The Faces of the “New Frontier” of NASA’s Commercial Space Flight Plan


NASA Administrator Charlie Bolden introduced today five commercial space companies that NASA will use to support transport of crew to and from low Earth orbit as part of the Commercial Crew Development program. The firms were selected in an open competition for $50 million in funds from the American Recovery and Reinvestment Act of 2009. During the event, Bolden countered the criticism of NASA’s new plan proposed by President Obama. “I respectfully disagree if you think we are abandoning human spaceflight. I think we’ll get there quicker. This is a fundamental re-baselining and a new ways of doing business to develop a program that is truly sustainable for the long term,” Bolden said. “This is a roadmap to even more historic achievements… We are not abandoning human space flight by any stretch of the imagination. We are on a new course, but human space flight is in our DNA.”

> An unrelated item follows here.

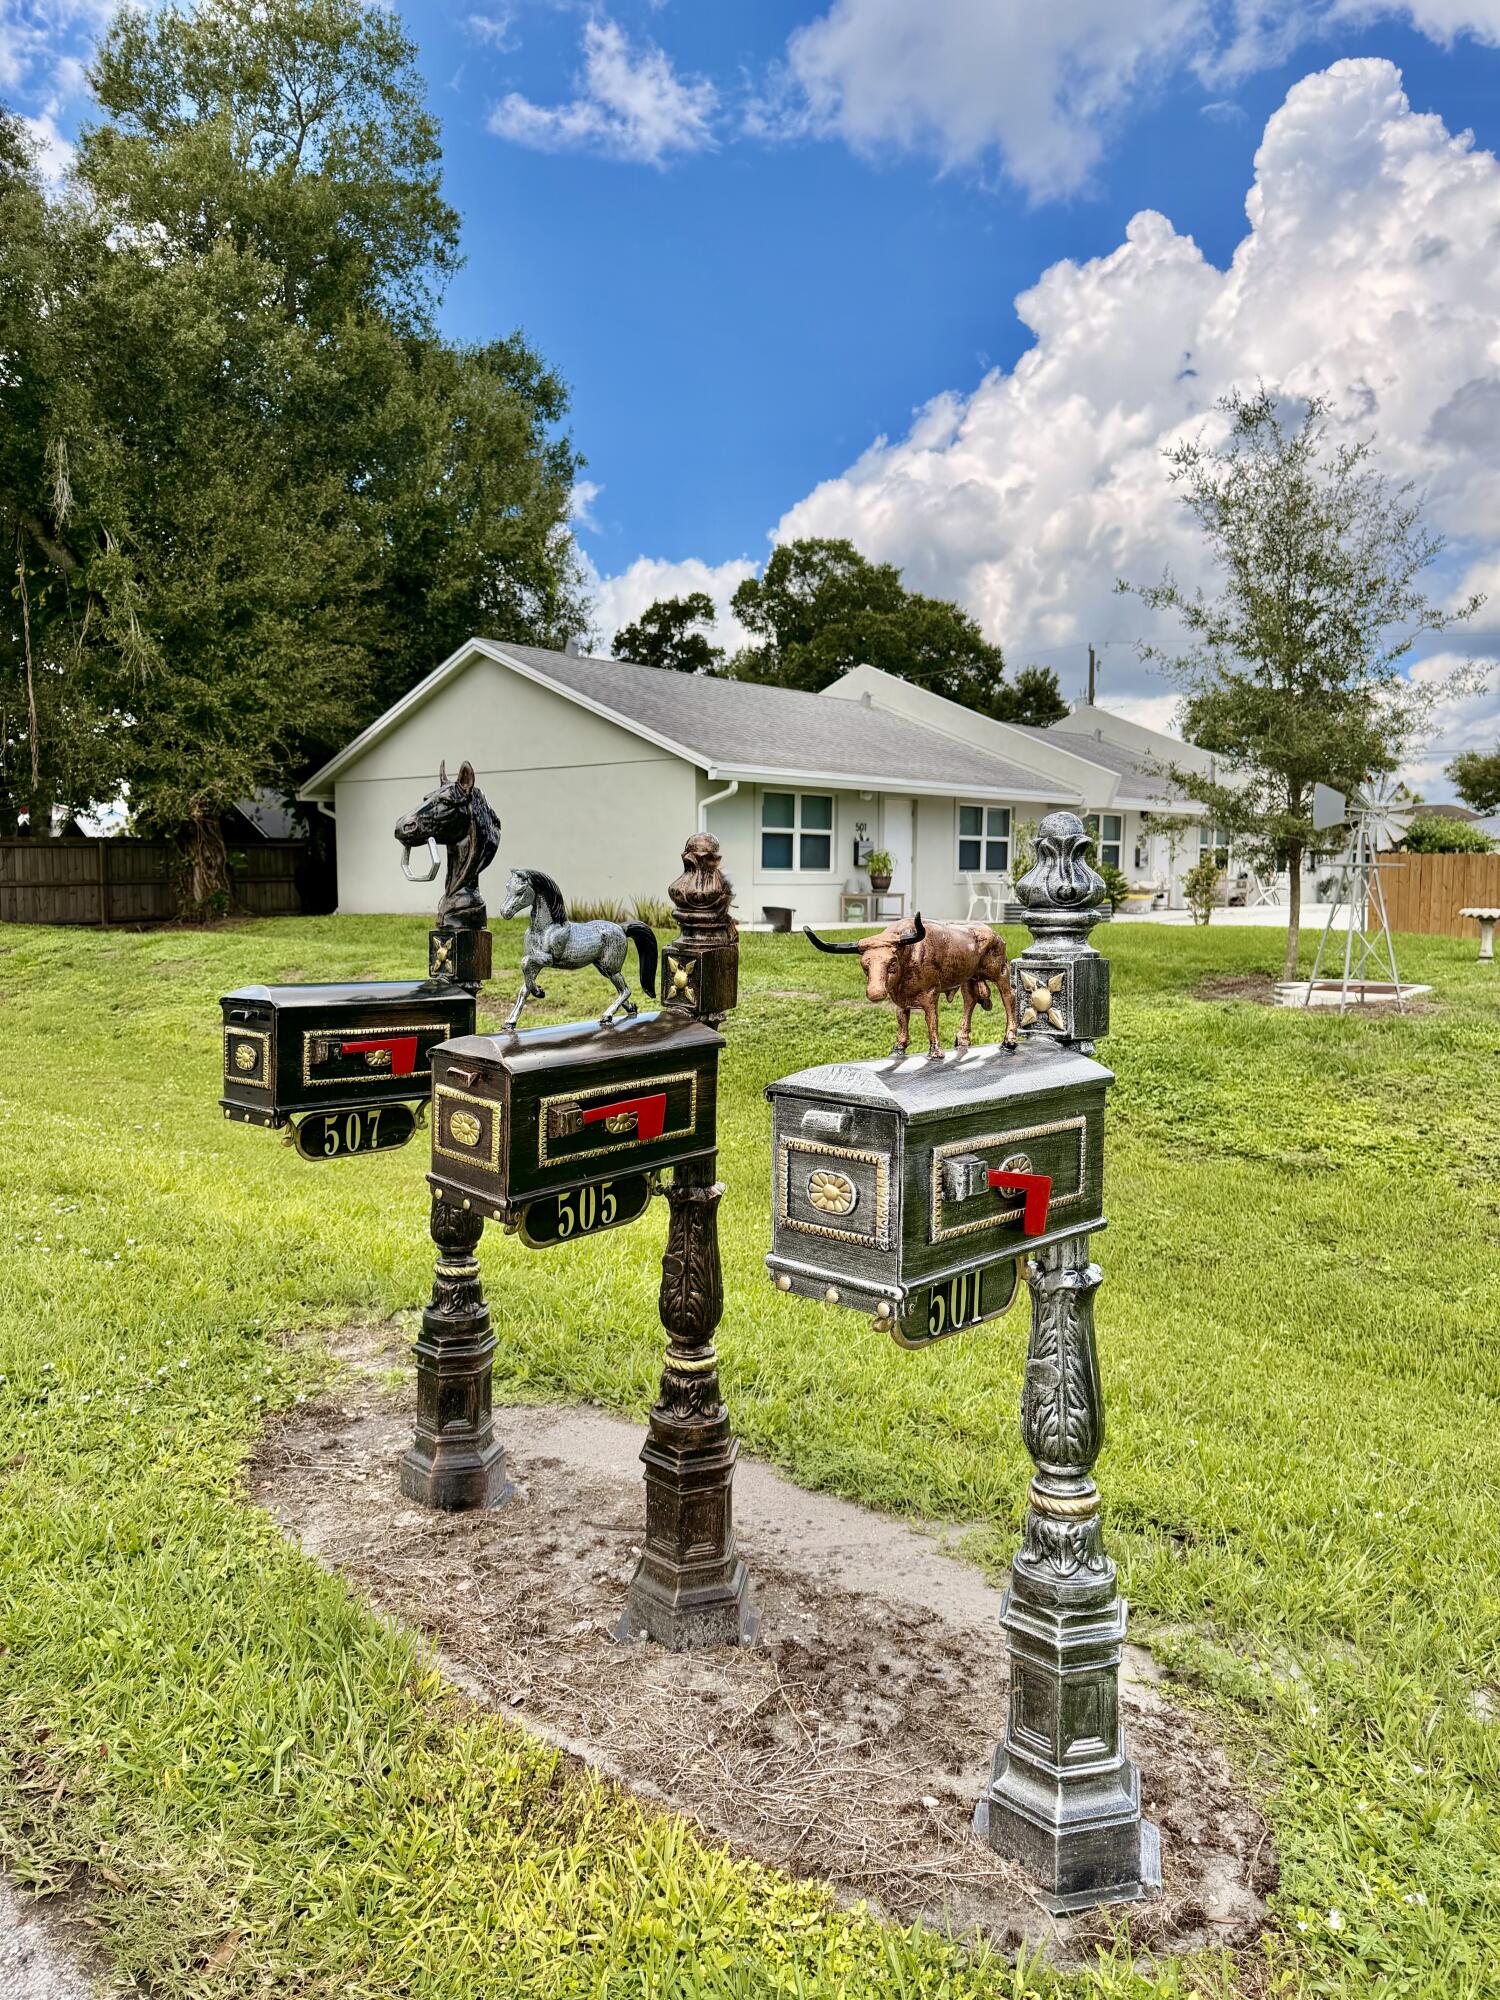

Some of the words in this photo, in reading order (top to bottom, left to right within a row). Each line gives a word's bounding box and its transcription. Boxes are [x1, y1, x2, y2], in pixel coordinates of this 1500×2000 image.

[855, 822, 867, 833] 501
[324, 1110, 382, 1155] 507
[558, 1182, 617, 1237] 505
[929, 1270, 982, 1336] 501

Several of the companies already do business with NASA, such as Boeing and United Launch Alliance – a coalition between Lockheed and Boeing.

Boeing will receive $18 million to work on a seven-person capsule that may launch on a medium-class expendable launch vehicle. Bruster Shaw from Boeing said “We’ve been in this game a long time and we have a vested interest in the International Space Station. We want to see ISS live up to its potential by having a robust logistics for the delivery of cargo and crew.”

Paragon Space Development Corporation will receive $1.4 million for life support systems, primarily an “air revitalization” system. President and founder Jane Poynter said, “We have developed and tested an array of technologies to use in a whole array of settings: on the ISS, the Moon, Mars. Air revitalization is the first of its kind, and will be a turnkey system to be used on any spacecraft on an array missions. We are deeply committed to the development of space for human exploration.”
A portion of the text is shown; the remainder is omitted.